━━━ Records provided ━━━
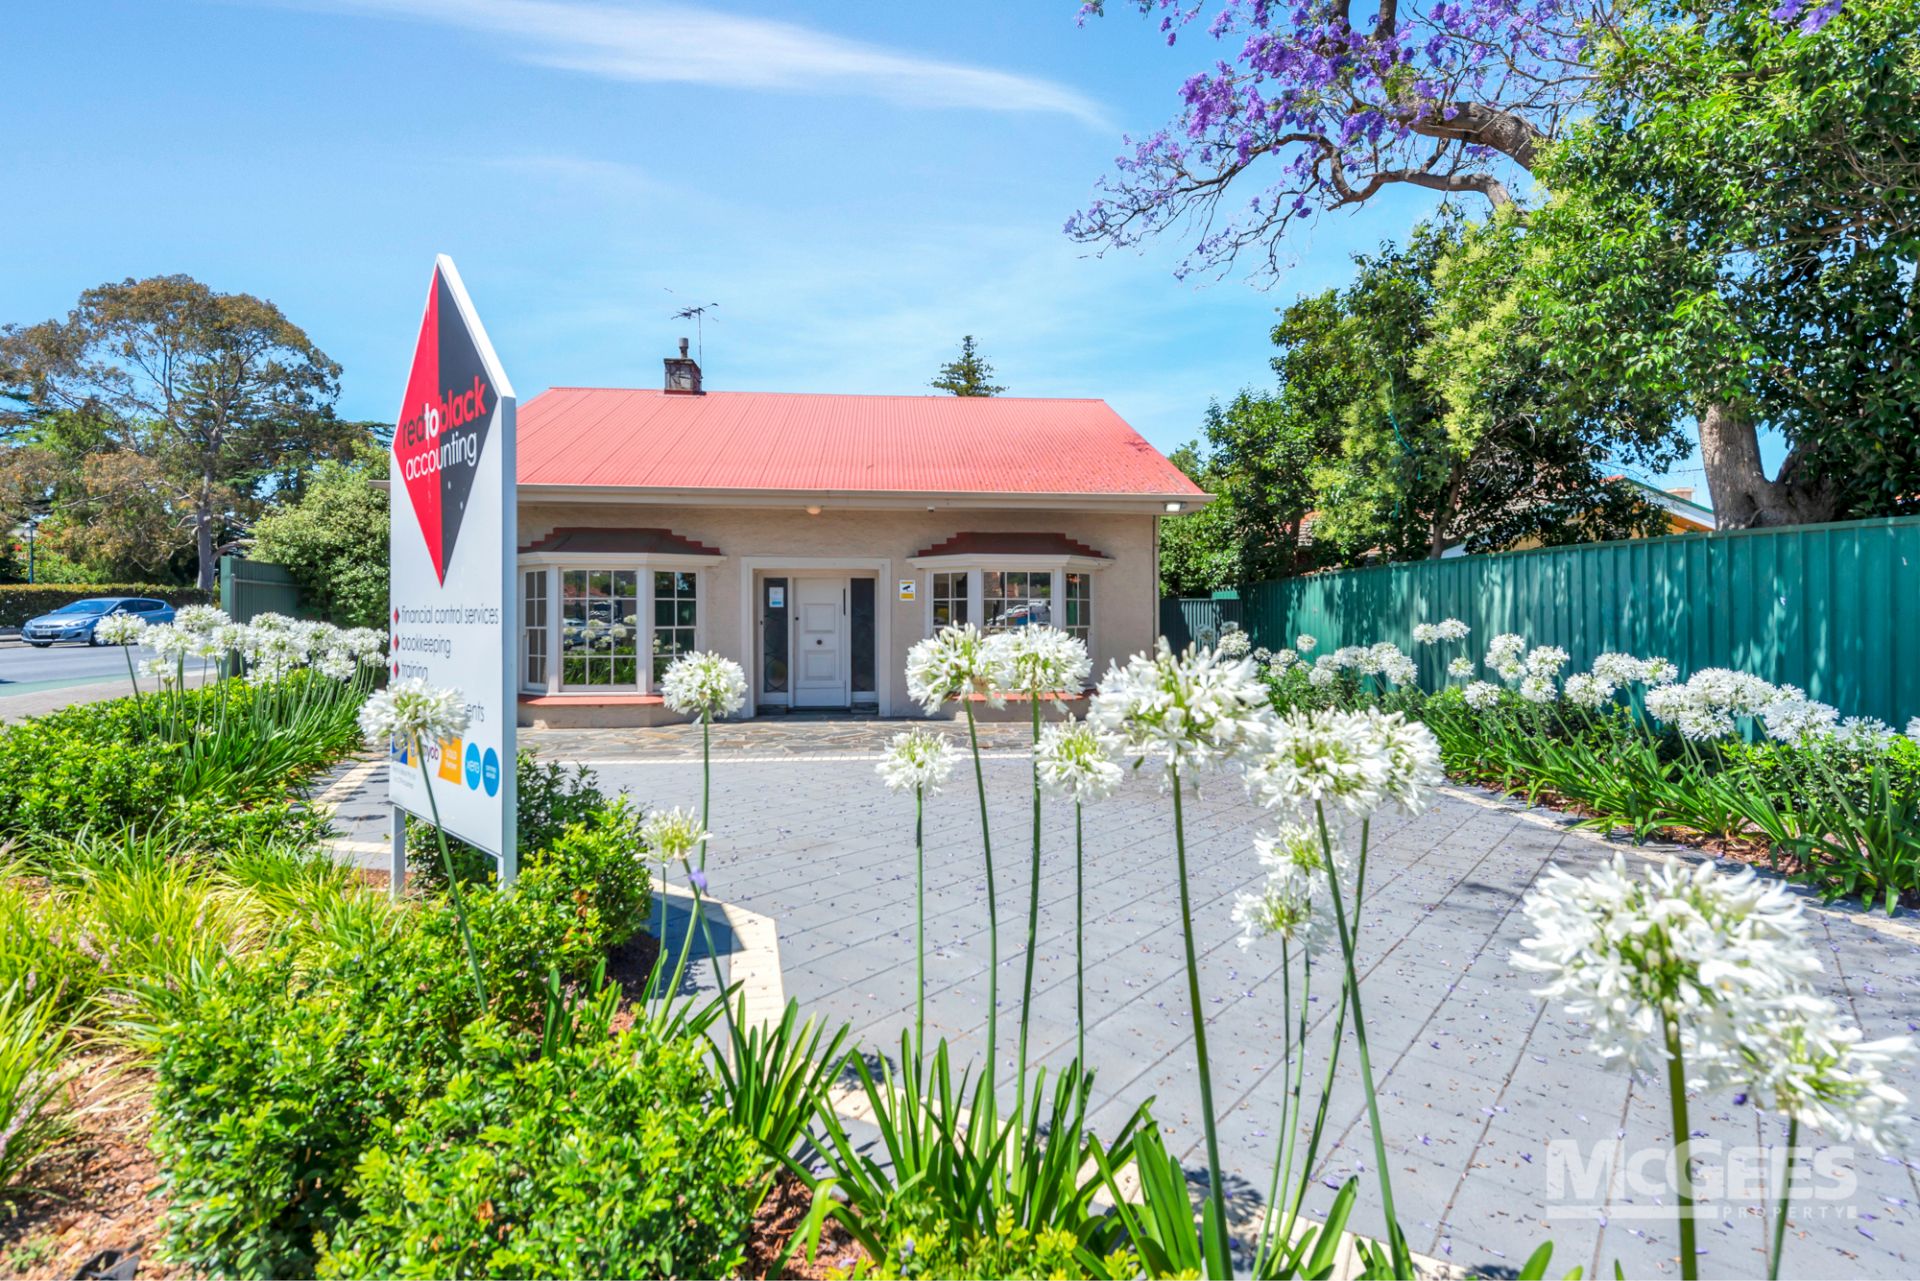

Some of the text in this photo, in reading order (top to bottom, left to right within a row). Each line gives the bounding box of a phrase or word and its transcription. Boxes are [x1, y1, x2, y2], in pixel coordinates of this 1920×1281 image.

[406, 431, 477, 481] accounting
[401, 603, 499, 624] financial control services
[401, 633, 451, 659] bookkeeping
[401, 661, 429, 681] training
━━━
__Instructions for the task__
Give back the data exactly. Pictures stay out.

__Output of the task__
Some of the text in this photo, in reading order (top to bottom, left to right within a row). Each line gives the bounding box of a phrase or word and its transcription. Boxes are [x1, y1, x2, y2], in pixel coordinates of this 1920×1281 image.

[406, 431, 477, 481] accounting
[401, 603, 499, 624] financial control services
[401, 633, 451, 659] bookkeeping
[401, 661, 429, 681] training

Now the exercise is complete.